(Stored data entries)
==================================================

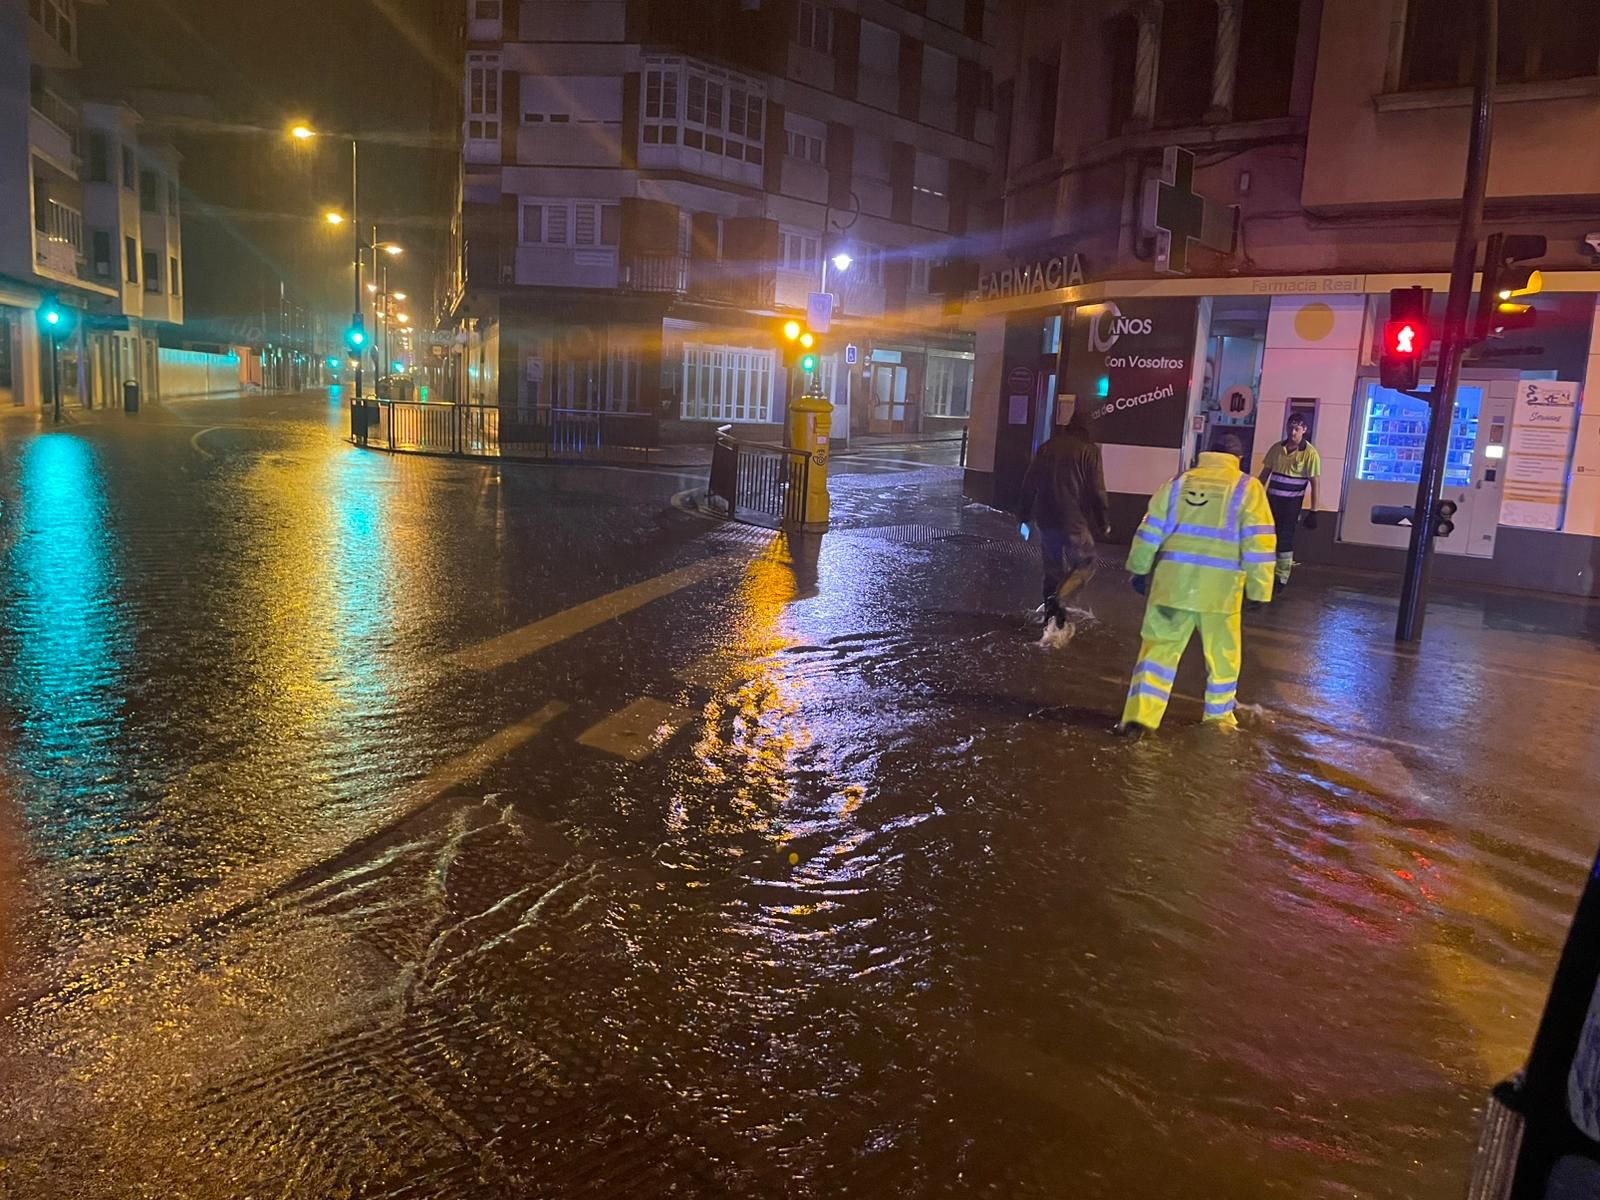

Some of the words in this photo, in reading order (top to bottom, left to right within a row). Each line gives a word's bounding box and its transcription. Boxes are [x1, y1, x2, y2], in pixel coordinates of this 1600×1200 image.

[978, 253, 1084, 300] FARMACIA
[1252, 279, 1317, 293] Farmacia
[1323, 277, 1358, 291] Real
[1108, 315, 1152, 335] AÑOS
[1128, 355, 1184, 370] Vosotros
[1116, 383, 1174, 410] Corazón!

==================================================

EXERCISE AIM
Please return the records above exactly as written, dropping every picture.

TASK OUTPUT
Some of the words in this photo, in reading order (top to bottom, left to right within a row). Each line gives a word's bounding box and its transcription. Boxes are [x1, y1, x2, y2], in pixel coordinates of this 1600×1200 image.

[978, 253, 1084, 300] FARMACIA
[1252, 279, 1317, 293] Farmacia
[1323, 277, 1358, 291] Real
[1108, 315, 1152, 335] AÑOS
[1128, 355, 1184, 370] Vosotros
[1116, 383, 1174, 410] Corazón!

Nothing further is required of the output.